The problem described is a patient segmentation use case, which is a classic example of unsupervised learning. The objective is to group patients with similar characteristics without predefined labels. AWS documentation clearly states that Amazon SageMaker k-means is designed specifically for clustering and segmentation tasks.
The SageMaker k-means algorithm groups data points into clusters based on feature similarity and requires the user to define the number of clusters using the k hyperparameter. This directly satisfies the requirement to “determine the number of groups by using hyperparameters.” AWS recommends k-means for applications such as customer segmentation, risk grouping, and pattern discovery in healthcare data.
Option A (XGBoost) is a supervised learning algorithm used for classification and regression. The max_depth hyperparameter controls tree complexity, not the number of groups, making it unsuitable for this task.
Option C (DeepAR) is a time-series forecasting algorithm optimized for predicting future values, not clustering patients.
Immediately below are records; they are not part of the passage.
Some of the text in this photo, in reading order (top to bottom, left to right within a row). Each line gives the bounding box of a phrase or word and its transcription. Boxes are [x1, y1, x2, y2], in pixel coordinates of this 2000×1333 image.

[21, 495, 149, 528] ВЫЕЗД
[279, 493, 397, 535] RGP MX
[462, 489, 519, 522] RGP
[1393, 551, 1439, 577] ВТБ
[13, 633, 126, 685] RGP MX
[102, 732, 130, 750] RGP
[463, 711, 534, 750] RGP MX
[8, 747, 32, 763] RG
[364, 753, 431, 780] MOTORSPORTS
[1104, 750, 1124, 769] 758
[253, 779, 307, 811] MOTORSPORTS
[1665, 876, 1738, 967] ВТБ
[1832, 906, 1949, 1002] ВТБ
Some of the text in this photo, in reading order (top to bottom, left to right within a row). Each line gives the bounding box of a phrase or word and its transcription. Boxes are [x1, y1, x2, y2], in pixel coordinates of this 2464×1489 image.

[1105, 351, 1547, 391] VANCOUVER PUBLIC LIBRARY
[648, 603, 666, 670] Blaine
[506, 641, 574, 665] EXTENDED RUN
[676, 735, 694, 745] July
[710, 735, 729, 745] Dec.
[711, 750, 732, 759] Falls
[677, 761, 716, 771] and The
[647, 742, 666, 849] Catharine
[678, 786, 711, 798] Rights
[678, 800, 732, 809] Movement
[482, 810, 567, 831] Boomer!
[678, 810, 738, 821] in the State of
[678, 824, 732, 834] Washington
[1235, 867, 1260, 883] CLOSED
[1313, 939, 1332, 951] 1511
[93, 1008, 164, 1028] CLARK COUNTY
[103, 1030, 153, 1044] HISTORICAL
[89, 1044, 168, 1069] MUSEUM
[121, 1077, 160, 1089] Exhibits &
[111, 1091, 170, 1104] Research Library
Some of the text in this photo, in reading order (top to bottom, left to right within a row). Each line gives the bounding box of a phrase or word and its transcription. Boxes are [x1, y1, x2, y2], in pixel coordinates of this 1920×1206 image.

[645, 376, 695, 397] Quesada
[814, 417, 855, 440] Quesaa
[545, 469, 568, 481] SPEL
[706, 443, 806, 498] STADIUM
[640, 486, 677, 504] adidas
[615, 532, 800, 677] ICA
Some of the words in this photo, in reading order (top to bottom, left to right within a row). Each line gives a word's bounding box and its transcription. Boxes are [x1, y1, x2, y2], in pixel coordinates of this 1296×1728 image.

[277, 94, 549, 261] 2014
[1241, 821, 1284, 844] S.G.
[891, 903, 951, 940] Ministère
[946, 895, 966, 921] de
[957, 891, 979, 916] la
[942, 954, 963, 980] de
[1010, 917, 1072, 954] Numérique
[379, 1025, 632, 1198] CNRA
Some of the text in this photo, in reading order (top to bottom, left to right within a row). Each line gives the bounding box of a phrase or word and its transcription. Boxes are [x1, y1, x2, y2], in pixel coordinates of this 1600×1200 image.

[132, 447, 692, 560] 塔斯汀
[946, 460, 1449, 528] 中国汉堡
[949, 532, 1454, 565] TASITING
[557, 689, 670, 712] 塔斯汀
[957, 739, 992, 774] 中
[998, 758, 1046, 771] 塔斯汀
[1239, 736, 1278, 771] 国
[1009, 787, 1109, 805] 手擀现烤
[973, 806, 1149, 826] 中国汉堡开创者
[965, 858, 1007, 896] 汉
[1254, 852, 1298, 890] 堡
Option D (Random Cut Forest) is an anomaly detection algorithm. While useful for identifying outliers or unusual patient behavior, it does not perform clustering or group segmentation.
AWS SageMaker documentation explicitly identifies k-means as the correct choice when the goal is to partition data into a predefined number of clusters using a tunable hyperparameter.
Therefore, Option B is the correct and AWS-verified answer.